Putting Women’s Places in Their Places That Matter

City College seminar on gender and architecture nominates 14 NYC sites for City Lore’s Census of Places That Matter

The list of recognized places of significance in New York City identified with women’s history and gender is brief. For example, the New York State women’s history trail includes only three locations in the Big Apple.

Now, students in a seminar on Gender and Architecture at City College’s Spitzer School of Architecture have identified 14 more. They range from a Harlem apartment building to a mural in Brooklyn to a 72 year-old bridal shop. All have been nominated for inclusion on the Census of Places That Matter, a website that was created by City Lore and the Municipal Art Society to help conserve New York City's historically and culturally significant places.
 
Dr. Marta Gutman, professor of architecture history, created the seminar to get students to understand how gender is understood and shapes everyday spaces in New York City. Rather than assign a list of sites to study, however, she asked them to identify and research buildings and places they thought mattered and then make the case for why they belonged in the census.

“All of the students were asked to find a place that connected with women, gender or issues of sexuality and what people did there to further the cause of equality and make New York City a better place,” she explained.

Further, she wanted to have her students’ work used in a way that could aid the cause of history and preservation and raise awareness of gender and feministic issues. The Census of Places That Matter website provided a “perfect venue” for doing that.

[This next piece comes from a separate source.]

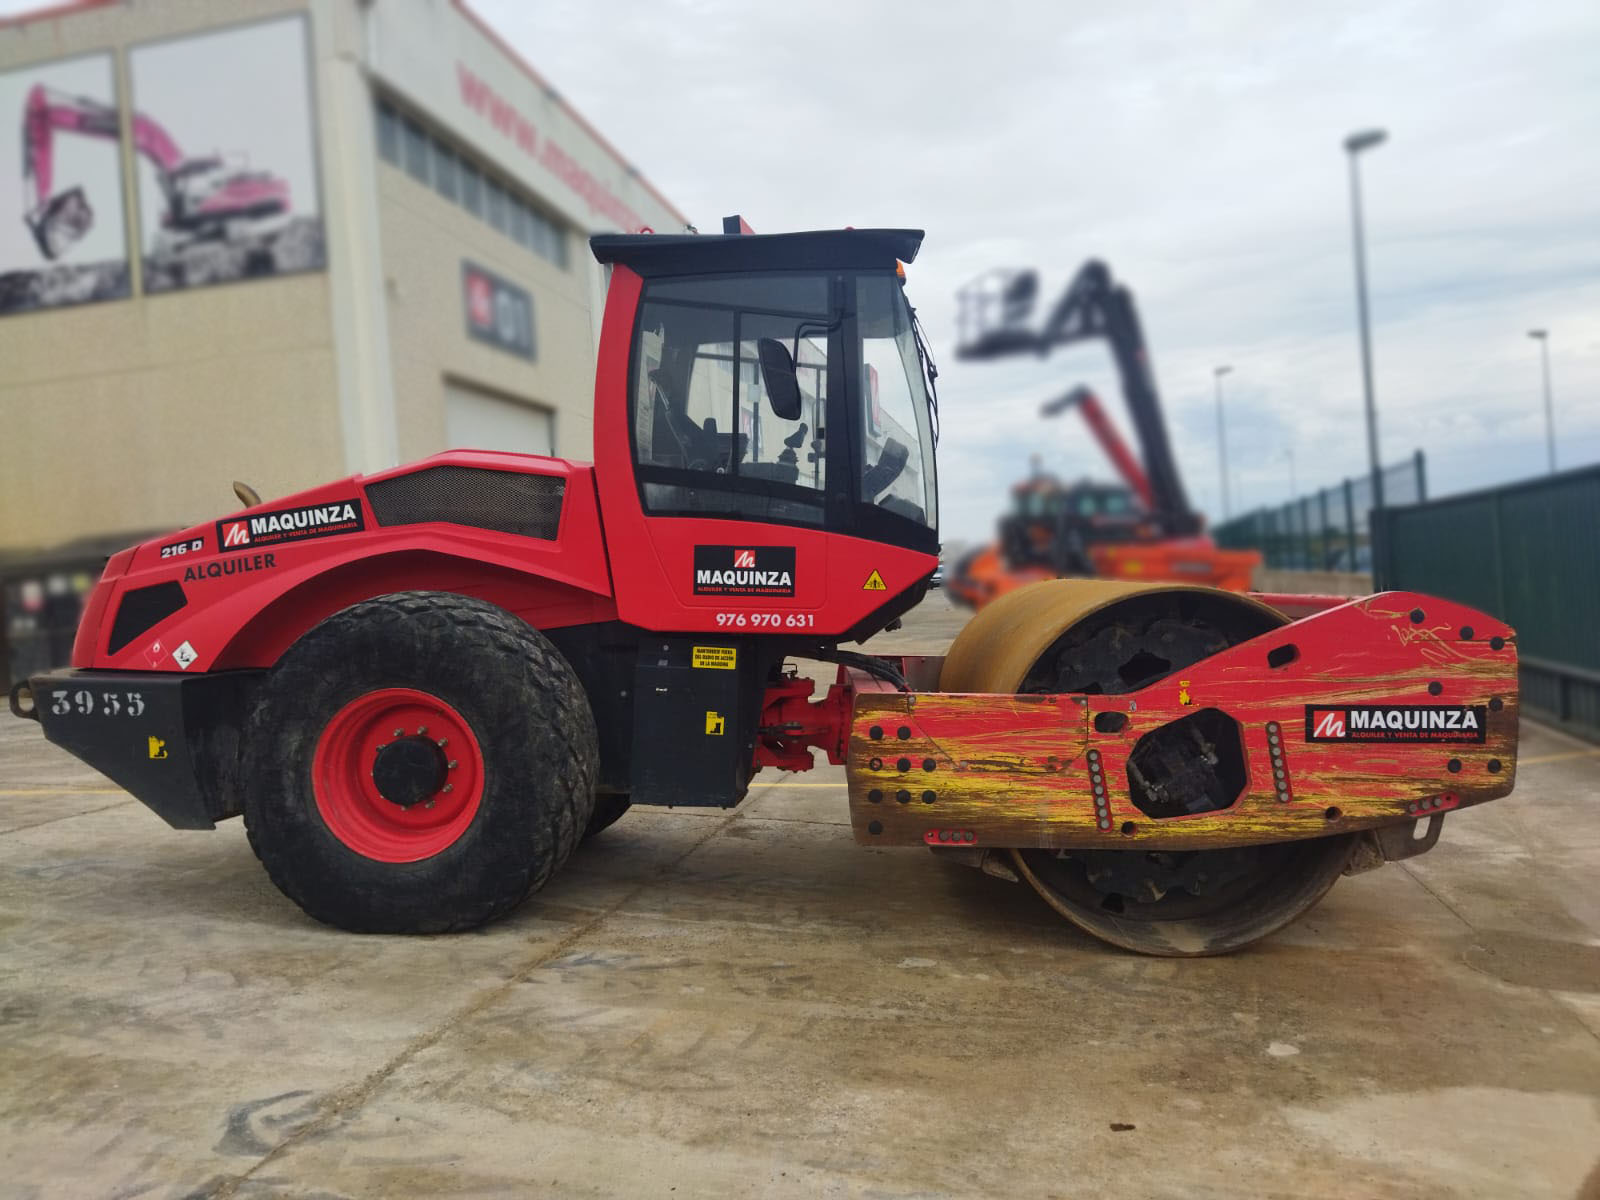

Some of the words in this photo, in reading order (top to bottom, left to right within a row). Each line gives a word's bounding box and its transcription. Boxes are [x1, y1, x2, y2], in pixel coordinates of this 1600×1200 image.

The addition of the CCNY students’ research has been a “huge boon” for the Place Matters project, said director Molly Garfinkel. “This has been a fantastic help for us. You can never have enough sites related to women’s history.”

She added that because many of the places that were researched relate to areas like working class history, recreation and activism, the student projects broaden the scope of what it included in the Census.

Ms. Garfinkel is featuring the student projects in the site’s news section, and several are being selected as “Place of the Month.” The first to be so recognized, Laura Sanburn’s report on Kleinfeld Bridal Salon, has little to do with working class issues, recreation or activism, however.

Ms. Sanburn, who just earned an MArch degree and hails from Spokane, Wash., said she chose Kleinfeld, in part, because she is a bride to be, and she “wanted to do something that wasn’t necessarily feminist or what you think a typical report on women would be about.”

She not only read newspaper clippings and books about the famed emporium, but she did field research by scheduling a appointment so she could experience firsthand the famed Kleinfeld bridal consultation. “Kleinfeld revealed an industry grounded in tradition yet pushing into the 21st century through mass media and updating of traditions,” she said. “It made me realize how big the wedding industry is and how much it is a business.”

One of the challenges for Professor Gutman’s students was to conduct research using classical historical techniques, including archival records, but present it in a way that made it accessible to the public at large. This resulted in several innovative approaches to telling a location’s story.

Jeff Kasper studied 555 Hudson Street, the Greenwich Village building where urban activist Jane Jacobs lived. To tell its story, he incorporated photos to illustrate what life in Greenwich Village was like when Ms. Jacobs was fighting Robert Moses’ effort to build an expressway there.

“Part of the goal was to encourage the students to see what constitutes an important structure without focusing on the architecture,” Professor Gutman said. “I want them to think about what they can find in everyday places that makes them special.”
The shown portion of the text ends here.